The Bible provides only limited detail about the composition of the early governing body, most of the information being in Acts chapter 15. That account indicates that in 49 C.E. the group of men forming the governing body consisted of "the apostles and older men in Jerusalem." Who were these?—Acts 15:2, 4, 6.
James, the half brother of Jesus, presided at that meeting to discuss the question of whether Gentile converts to Christianity had to keep the Mosaic Law, including circumcision. The apostle Peter shared in that discussion. The account speaks of Judas (called Barsabbas) and Silas as "leading men among the brothers," but it does not specifically say that they were part of the governing body. (Acts 15:7, 13, 22) The point is that the Bible does not give a complete list of names of those making up the governing body. Some have felt that Paul might not have been included since he was a traveling missionary and since he brought the question from the congregation in Antioch of Syria.

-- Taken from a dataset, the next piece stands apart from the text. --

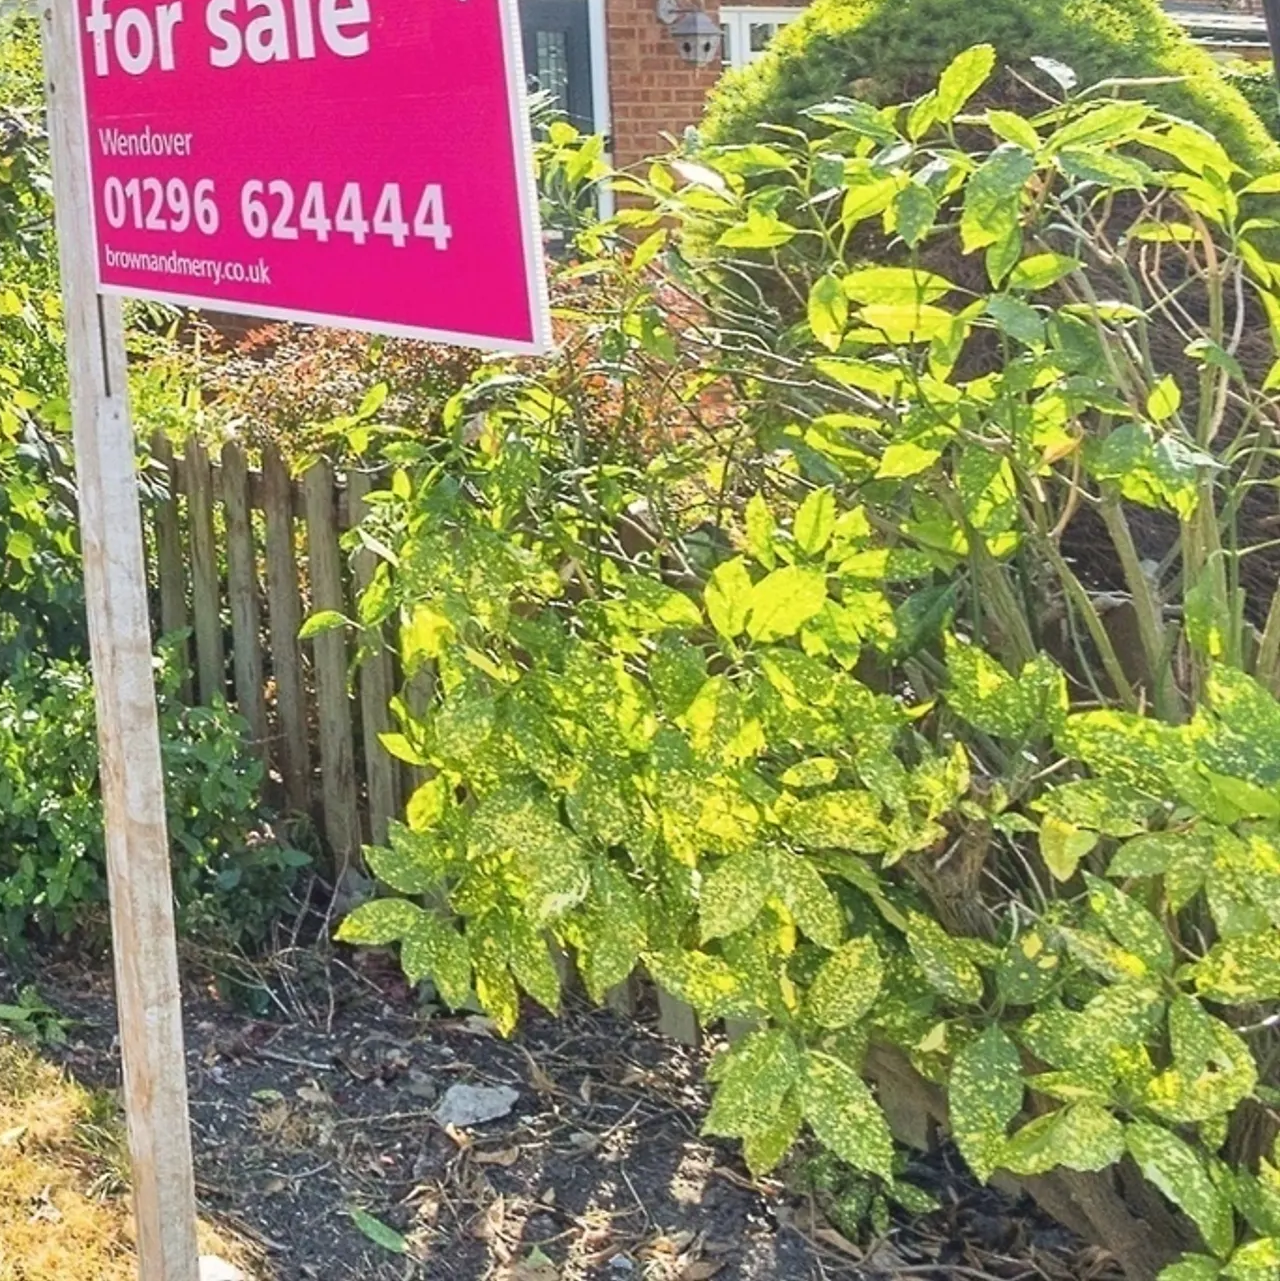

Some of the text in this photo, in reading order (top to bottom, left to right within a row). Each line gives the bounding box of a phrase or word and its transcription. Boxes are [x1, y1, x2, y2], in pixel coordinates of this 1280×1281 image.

It is true that Paul was not one of "the twelve" who had walked with Jesus, for Matthias had been selected to replace Judas Iscariot. But neither was the disciple James, though he clearly was part of the governing body. (Acts 6:2; 1:15-26) Furthermore, Jesus appeared to Paul and designated him as ‘a chosen vessel to bear His name to the nations.’ Paul thus became "an apostle, neither from men nor through a man, but through Jesus Christ and God." He called himself "an apostle to the nations."—Acts 9:3-6, 15; Galatians 1:1; Romans 11:13; 1 Corinthians 9:1; 15:7, 8.

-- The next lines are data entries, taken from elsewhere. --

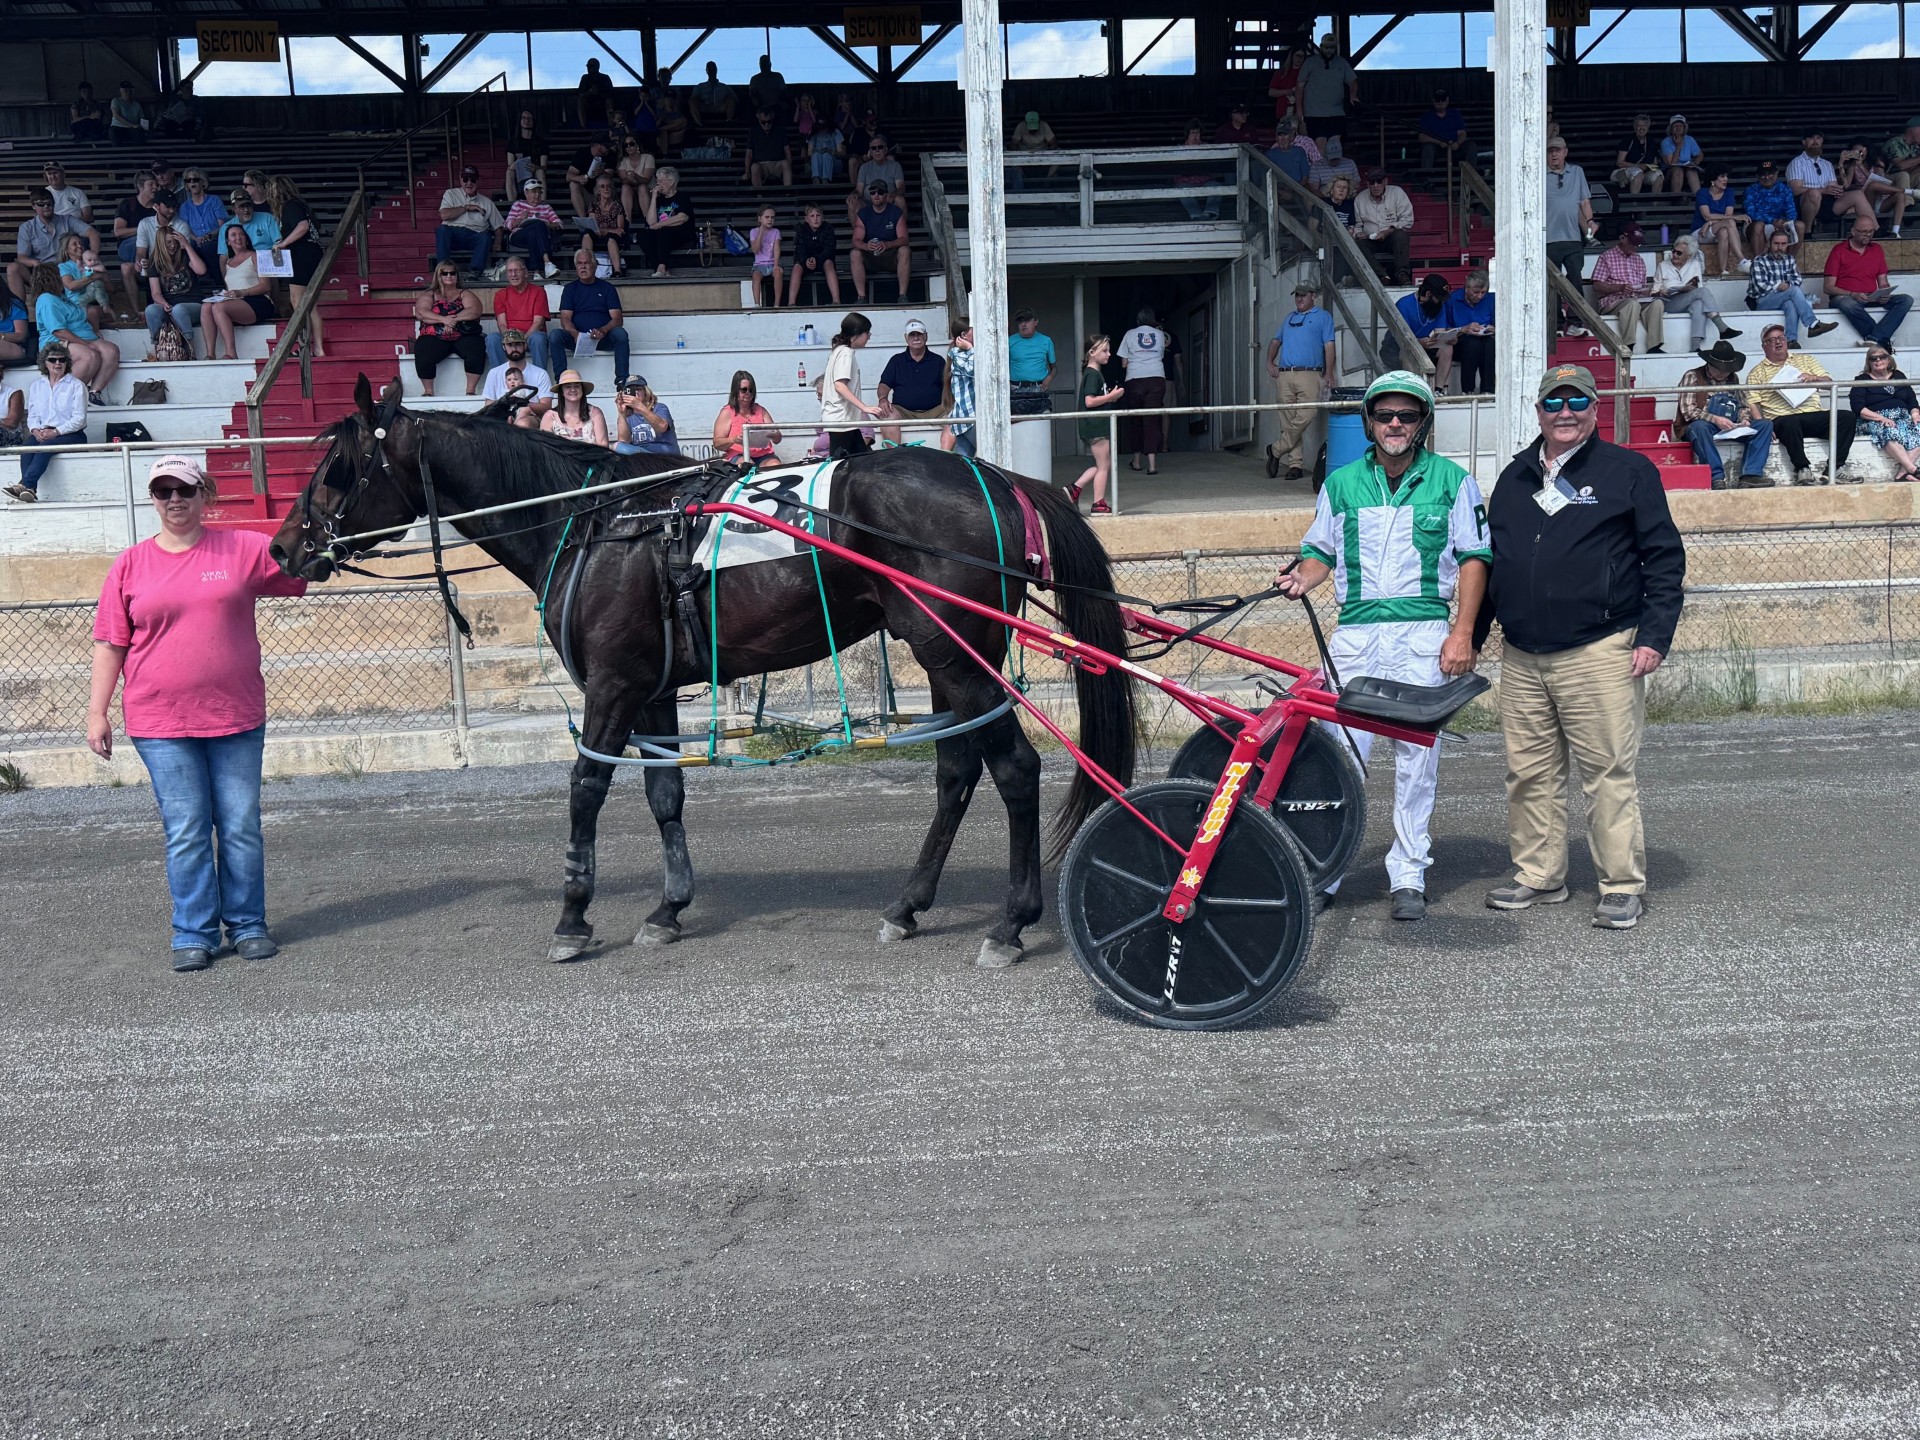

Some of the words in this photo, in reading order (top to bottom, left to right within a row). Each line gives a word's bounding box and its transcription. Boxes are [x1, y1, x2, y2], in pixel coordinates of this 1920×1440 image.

[849, 16, 906, 38] SECTION
[910, 15, 917, 37] 8
[201, 30, 265, 53] SECTION
[268, 31, 277, 53] 7
[1461, 253, 1470, 266] F
[360, 284, 369, 297] F
[1657, 429, 1670, 444] A
[1474, 504, 1487, 541] P
[1198, 762, 1252, 843] NITROUS

As further indication that Paul became part of the body of "apostles and older men" who directed the congregations, consider what he did under God’s power. Paul wrote 14 books of the Christian Greek Scriptures. Peter equates the writings of "our beloved brother Paul" with "the rest of the Scriptures." (2 Peter 3:15, 16) Paul took a significant lead in spreading Christianity, and he offered an abundance of direction to congregations. His inspired writings show that Paul sometimes settled issues himself. That is as might be expected back then with one of the governing body who was far away from the central body and faced with slow means of communication. (1 Corinthians 5:11-13; 7:10, 17) But at other times he brought matters before the entire body, as the account in Acts 15 illustrates.
To Titus, "Paul, a slave of God and an apostle of Jesus Christ," wrote: "I left you in Crete, that you might correct the things that were defective and might make appointments of older men in city after city, as I gave you orders." (Titus 1:1, 5) So while traveling, Paul certainly spoke for the central governing body.—Acts 16:4, 5.
So, even though his assignment from the Lord involved extensive travels and consequent absences from some meetings of the central governing body, the evidence of how he was used by God and Christ indicates that Paul was part of that body.
By this time also the apostle James had been killed.—Acts 12:2.
As anyone can see by reading the Bible themselves, the plainest understanding is that the "Governing Body" of Acts 15 was actually an ad-hoc group, and that Paul normally acted independently.
To get around this, the WT first assumes that the GB had a set membership, and that it had exclusive doctrinal authority. Then, it deduces that since Paul participated in dicussions and made doctrinal pronouncements, he must have been a member! And thus they circularly conclude that Paul didn't act independently after all.
Nothing new here, I know... but I just thought that was a particularly blatant example.